Иногда Эльза подходила ко мне, хватала за руку, сильно ее сжимала, впиваясь в мою ладонь своими коротко остриженными ногтями. Мне не было больно. Я ничего не чувствовала, как ничего не чувствуешь во время кошмара, когда по пятам за тобой гонится сам Сатана. Чувствуешь лишь само состояние кошмара — бесформенного чудища, что управляет всеми твоими движениями, мешает их совершать, стирает твои ощущения, разжижает и рассасывает твои мысли.

Скрипнув шинами, подкатила и остановилась «скорая помощь». Два санитара вынесли носилки и уложили на них Эрика. Со всех сторон раздавались автомобильные гудки, слева от нас возникла полицейская машина; я спросила санитара, можно ли мне поехать с ними, но он, даже не взглянув на меня, отказал.

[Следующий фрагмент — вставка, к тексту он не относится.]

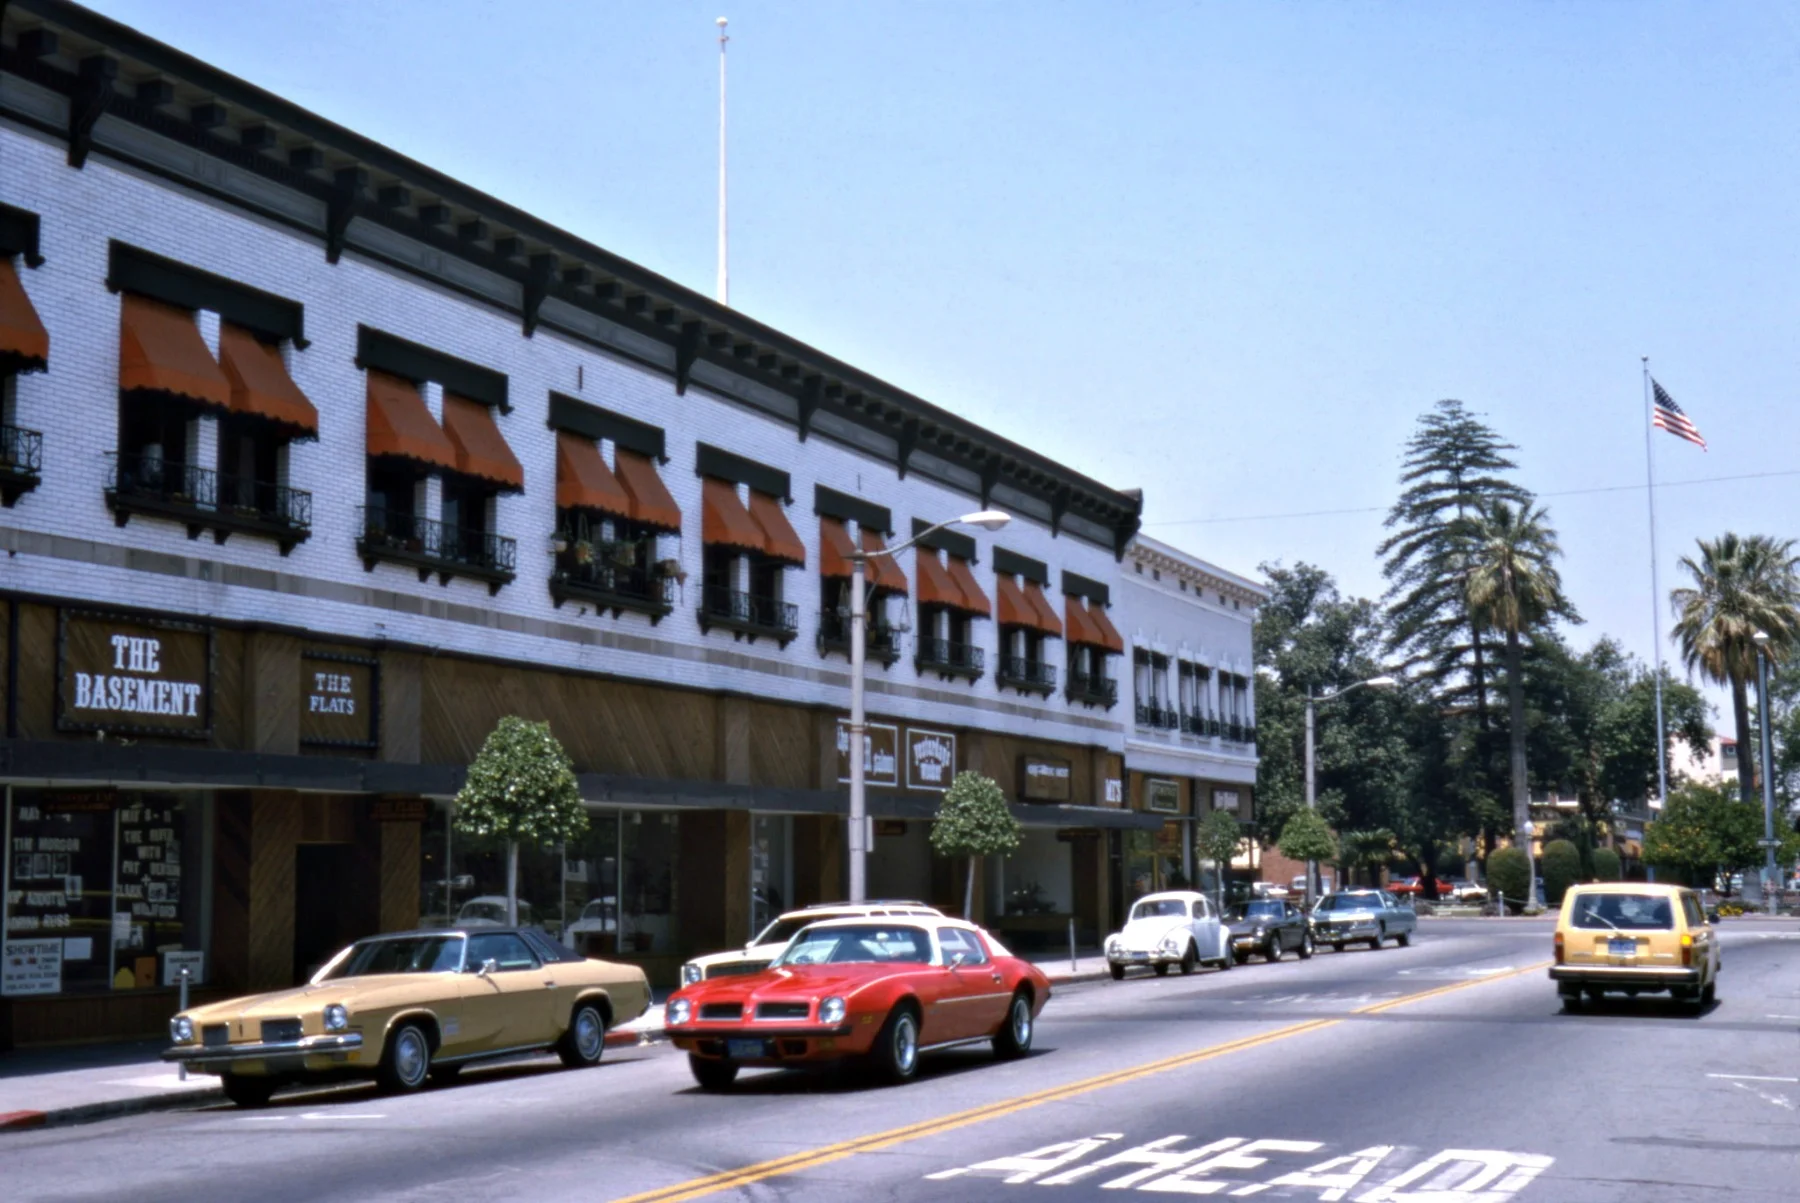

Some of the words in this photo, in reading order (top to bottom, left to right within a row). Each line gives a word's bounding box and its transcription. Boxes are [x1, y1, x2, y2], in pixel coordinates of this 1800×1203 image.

[111, 635, 160, 673] THE
[74, 672, 201, 717] BASEMENT
[315, 672, 352, 693] THE
[309, 695, 355, 716] FLATS
[924, 1132, 1557, 1203] AHEAD

На носилках лежал уже не высокомерный отчужденный Эрик, в чьей холеной красоте было нечто антипатичное, а неподвижное тело с маленьким, лишенным всякого выражения лицом, утратившее обычные человеческие функции — говорить, мыслить, видеть, двигаться. Ну почему я не волшебница или что-нибудь в этом роде, почему не обладаю сверхъестественной силой! Мне так хотелось бы наклониться к нему, поцелуем или лаской открыть ему глаза и волшебным словом прогнать беду.

Анри, Эльза и водитель слушали объяснения полицейского. Он указывал им, куда следует ехать.

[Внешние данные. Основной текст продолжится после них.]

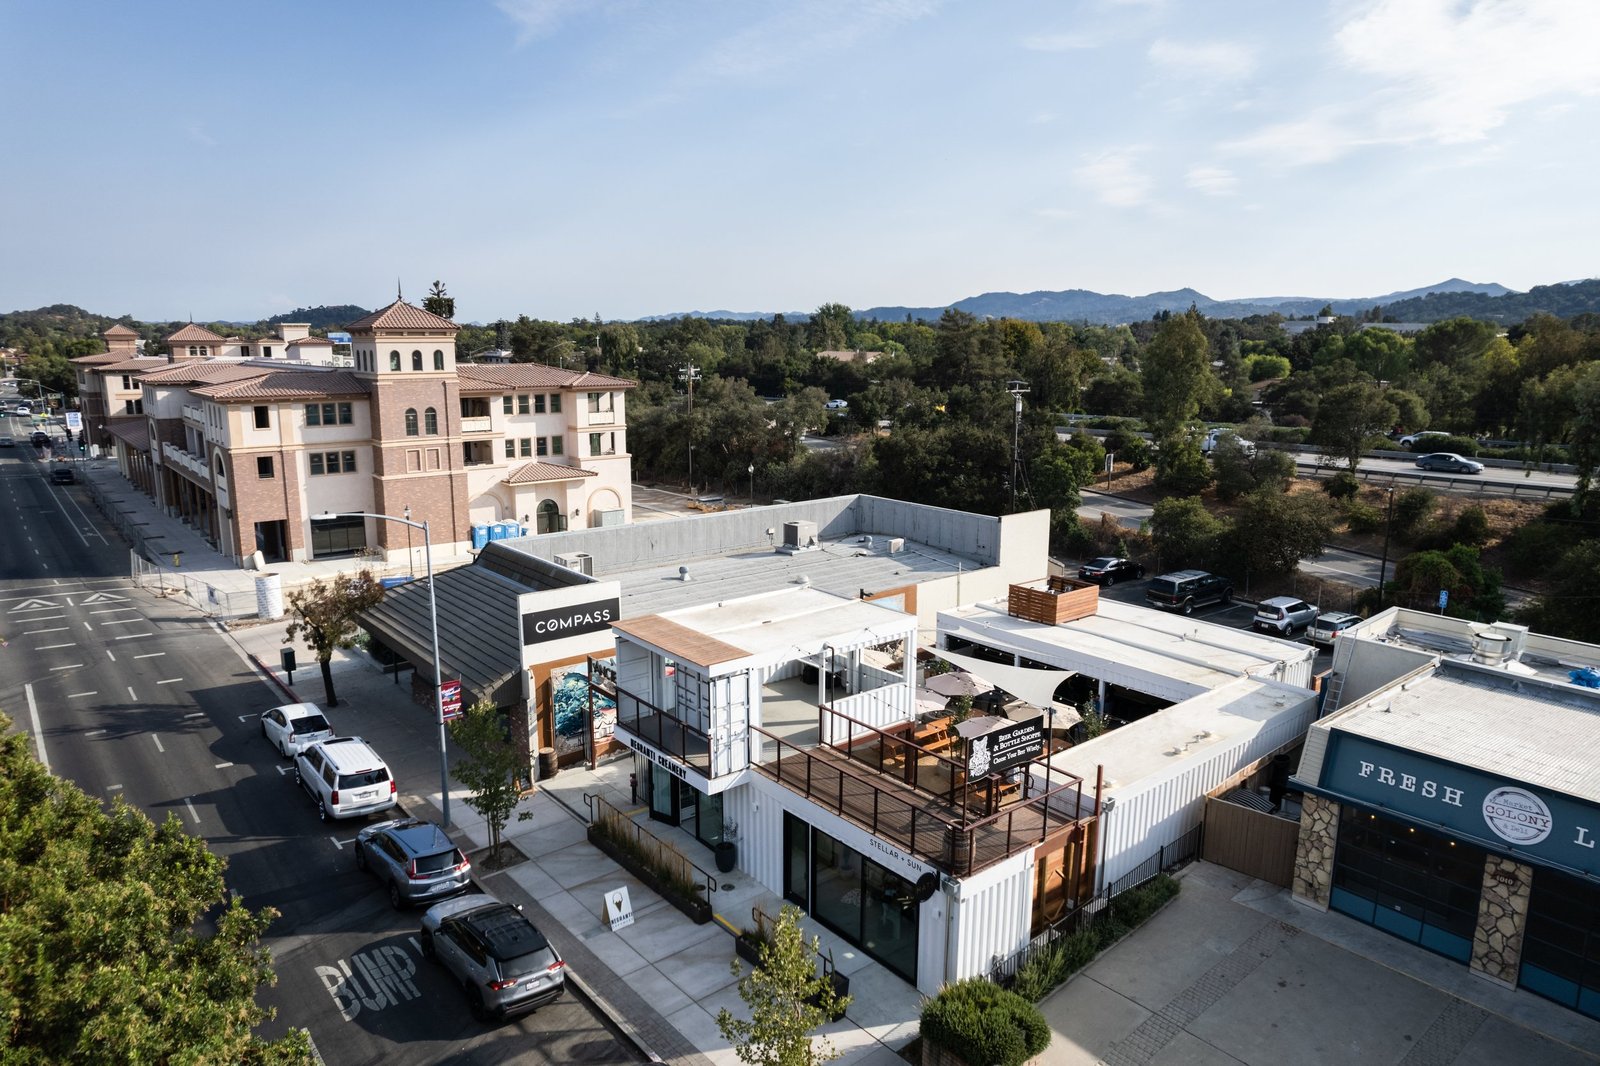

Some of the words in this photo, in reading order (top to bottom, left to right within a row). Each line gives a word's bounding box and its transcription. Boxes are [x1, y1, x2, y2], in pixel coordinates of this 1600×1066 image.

Несмотря на духоту и жару туннеля, Анри был бел как полотно. Когда Эрика увозили, он проследил за скрывшейся среди других машин «скорой помощью». В его взгляде было то же, что во взгляде Эльзы и наверняка в моем — удвоенное ужасом неверие.

Наконец он подошел ко мне.

— Нужно ехать в комиссариат.

Взял меня под руку, потянул к машине, я почти что легла на заднем сиденье и вновь увидела лицо Эрика в тот момент, когда его сбило — лицо испуганного ребенка, которому сейчас дадут пощечину и который не понимает — за что, лицо униженного и обиженного ребенка.

— Вы знаете, куда они его отвезли?

— В больницу. В Булонь или что-то в этом роде, — ответил Анри.

— Амбруаза Паре?

— Кажется, да.

В комиссариате я хотела позвонить в больницу. Инспектор сказал, что это ни к чему: с одной стороны, еще слишком рано запрашивать о «моем друге», а с другой стороны — мой звонок ему не поможет.

Я тут же перестала плакать и обозвала его про себя сволочью. Он в этот момент как раз изучал права Анри. Поднял голову, с холодной ненавистью улыбнулся и сказал, что права эти — дешевая подделка.

— Может быть, — нелюбезно отвечал Анри, глядя в другую сторону. — Не знаю. Я получил их от отца.

— Ваш отец руководит автошколой?

— Нет. Он комиссар полиции. В Вилле-сюр-Мер. Могу дать телефон. — Анри взглянул на часы, как бы с сожалением прищелкнул языком, что вышло не очень натурально, и добавил: — Правда, не думаю, что вы застанете его в это время… Если только позвонить в клуб.

— Какой клуб?

— Теннисный. Он частенько пропадает там в этот час.

— Так уж получается, — вставила Эльза. — Мастера всегда поздно выходят на корт.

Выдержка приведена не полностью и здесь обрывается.